What to produce: The result should be an exact copy of the data, free of pictures.
Segment Start: Materials provided
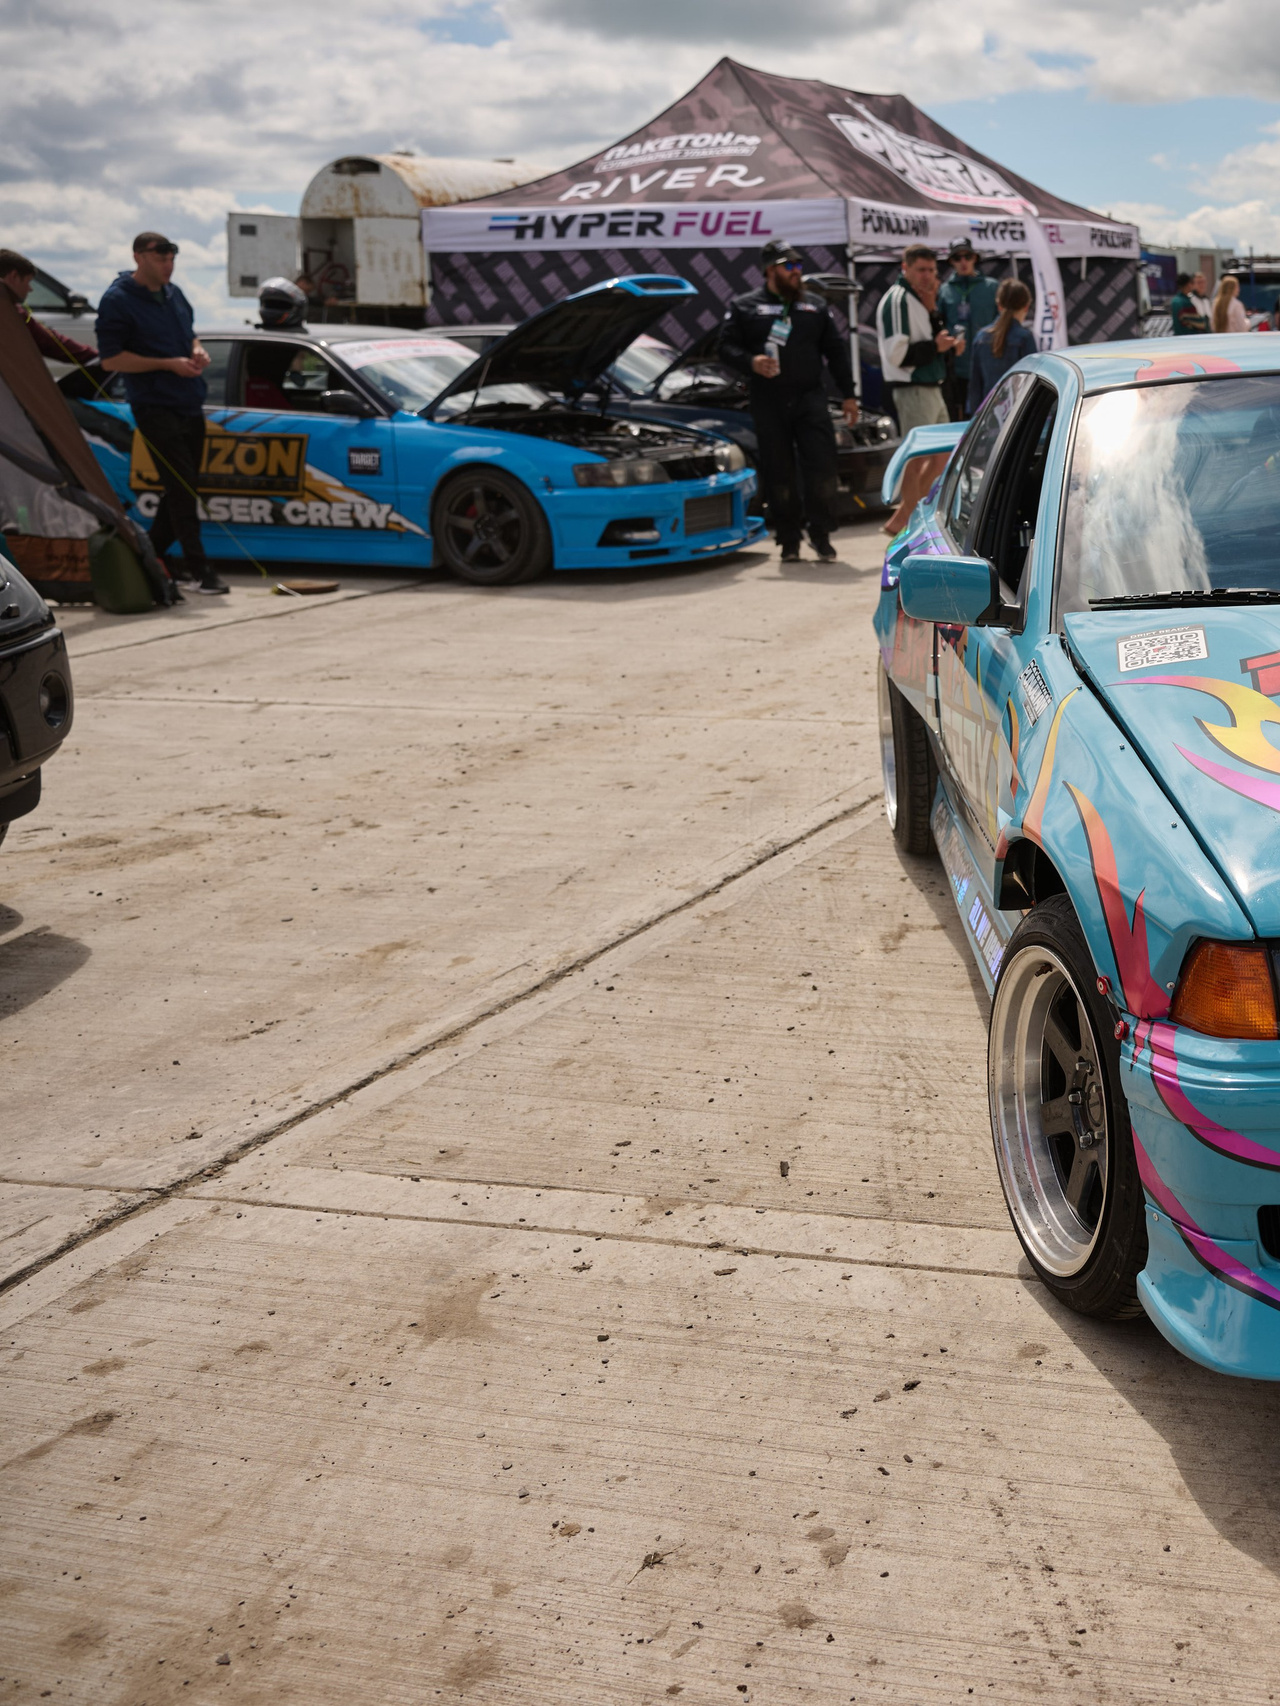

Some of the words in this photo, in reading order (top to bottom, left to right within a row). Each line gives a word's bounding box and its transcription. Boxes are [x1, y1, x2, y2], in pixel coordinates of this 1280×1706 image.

[558, 164, 765, 201] RIVER
[493, 211, 665, 240] HYPER
[673, 211, 772, 237] FUEL
[282, 501, 393, 528] CREW
[1130, 629, 1157, 639] DRIFT
[1158, 626, 1190, 634] READY
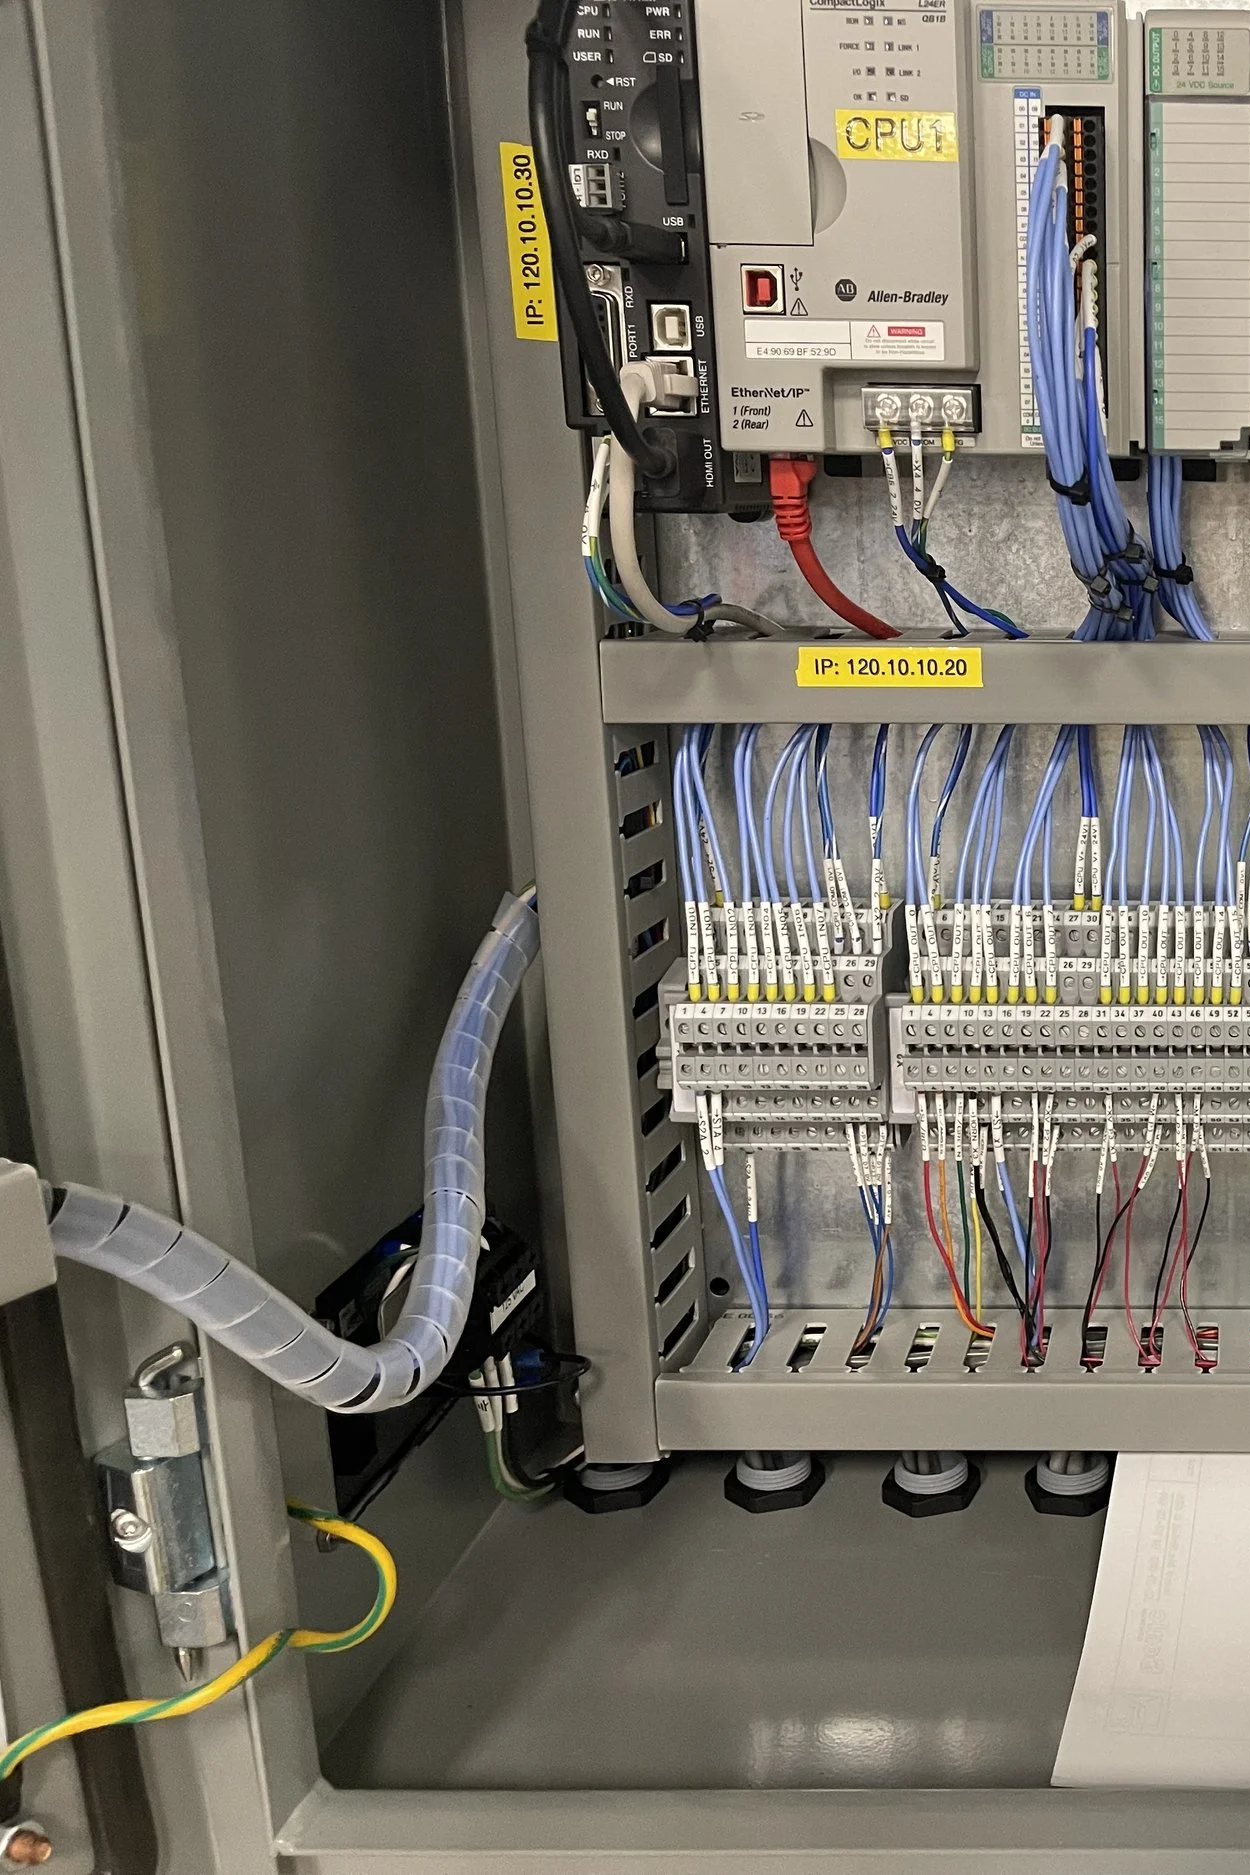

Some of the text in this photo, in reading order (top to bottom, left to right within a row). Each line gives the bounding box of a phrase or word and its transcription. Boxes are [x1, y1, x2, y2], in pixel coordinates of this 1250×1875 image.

[645, 7, 670, 17] PWR
[577, 29, 600, 39] RUN
[649, 30, 671, 40] ERR
[573, 52, 601, 62] USER
[658, 53, 673, 63] SD
[616, 77, 636, 87] RST
[603, 101, 623, 110] RUN
[605, 131, 626, 140] STOP
[845, 117, 943, 152] CPU1
[587, 150, 609, 159] RXD
[662, 217, 684, 226] USB
[513, 154, 544, 325] IP: 120.10.10.30
[625, 286, 634, 308] RXD
[867, 290, 949, 305] Allen-Bradley
[696, 315, 705, 337] USB
[629, 324, 638, 357] PORT1
[698, 360, 710, 414] ETHERNET
[740, 406, 771, 417] (Front)
[732, 420, 769, 431] 2 (Rear)
[704, 438, 714, 488] HDMI OUT
[815, 658, 967, 676] IP: 120.10.10.20
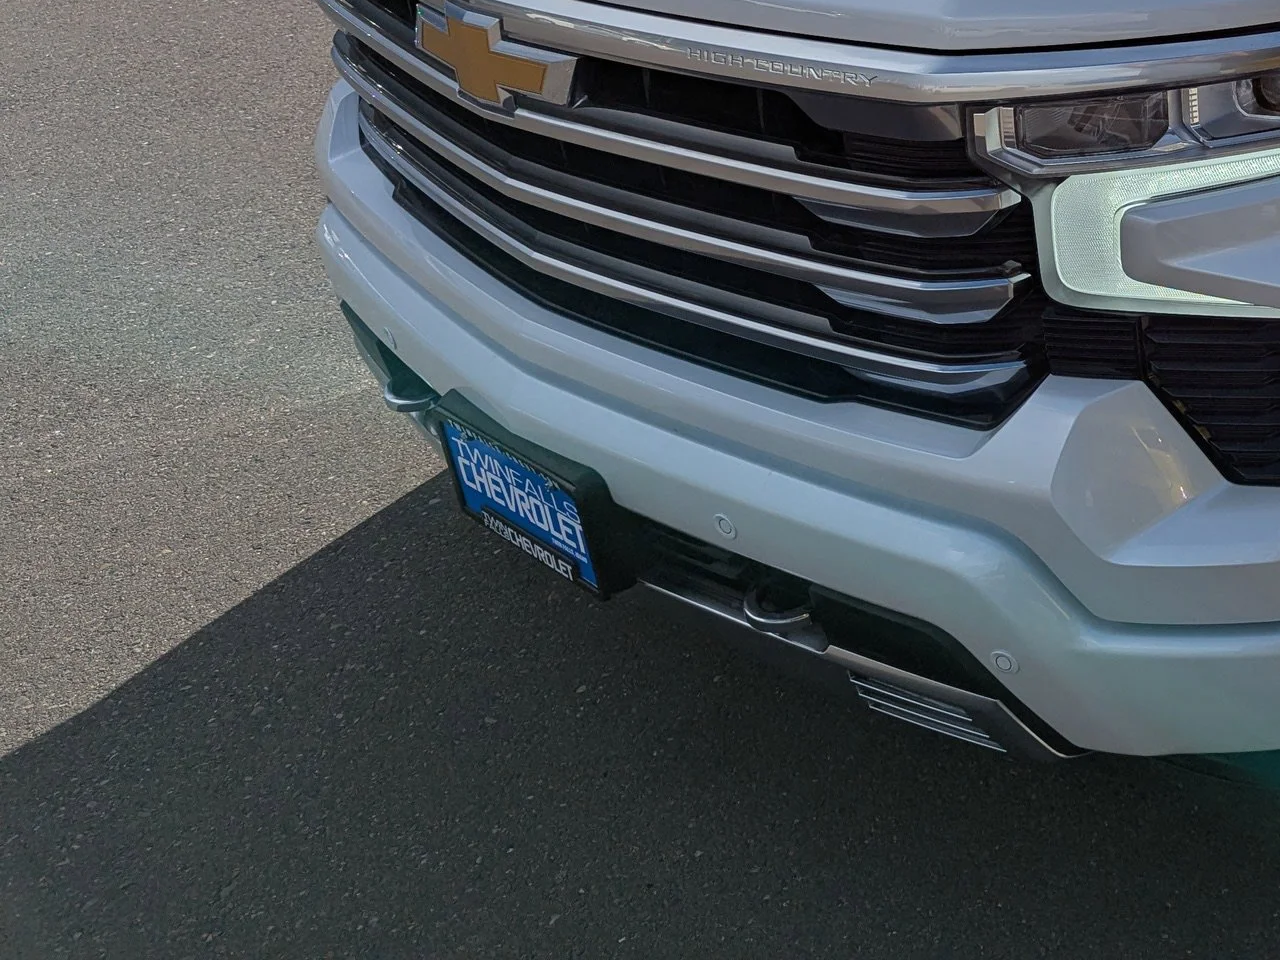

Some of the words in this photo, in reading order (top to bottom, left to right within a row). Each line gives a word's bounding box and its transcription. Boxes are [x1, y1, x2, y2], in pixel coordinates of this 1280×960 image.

[687, 47, 744, 67] HIGH
[754, 59, 878, 87] COUNTRY
[457, 456, 586, 554] CHEVROLET
[508, 528, 574, 581] CHEVROLET
Segment End: Materials provided
Task response:
Some of the words in this photo, in reading order (top to bottom, left to right within a row). Each line gives a word's bounding box and its transcription. Boxes are [x1, y1, x2, y2], in pixel coordinates of this 1280×1706 image.

[558, 164, 765, 201] RIVER
[493, 211, 665, 240] HYPER
[673, 211, 772, 237] FUEL
[282, 501, 393, 528] CREW
[1130, 629, 1157, 639] DRIFT
[1158, 626, 1190, 634] READY

Some of the text in this photo, in reading order (top to bottom, left to right within a row). Each line gives the bounding box of a phrase or word and its transcription. Boxes are [x1, y1, x2, y2], in pixel coordinates of this 1250×1875 image.

[645, 7, 670, 17] PWR
[577, 29, 600, 39] RUN
[649, 30, 671, 40] ERR
[573, 52, 601, 62] USER
[658, 53, 673, 63] SD
[616, 77, 636, 87] RST
[603, 101, 623, 110] RUN
[605, 131, 626, 140] STOP
[845, 117, 943, 152] CPU1
[587, 150, 609, 159] RXD
[662, 217, 684, 226] USB
[513, 154, 544, 325] IP: 120.10.10.30
[625, 286, 634, 308] RXD
[867, 290, 949, 305] Allen-Bradley
[696, 315, 705, 337] USB
[629, 324, 638, 357] PORT1
[698, 360, 710, 414] ETHERNET
[740, 406, 771, 417] (Front)
[732, 420, 769, 431] 2 (Rear)
[704, 438, 714, 488] HDMI OUT
[815, 658, 967, 676] IP: 120.10.10.20

Some of the words in this photo, in reading order (top to bottom, left to right within a row). Each line gives a word's bounding box and its transcription. Boxes are [x1, y1, x2, y2], in pixel coordinates of this 1280×960 image.

[687, 47, 744, 67] HIGH
[754, 59, 878, 87] COUNTRY
[457, 456, 586, 554] CHEVROLET
[508, 528, 574, 581] CHEVROLET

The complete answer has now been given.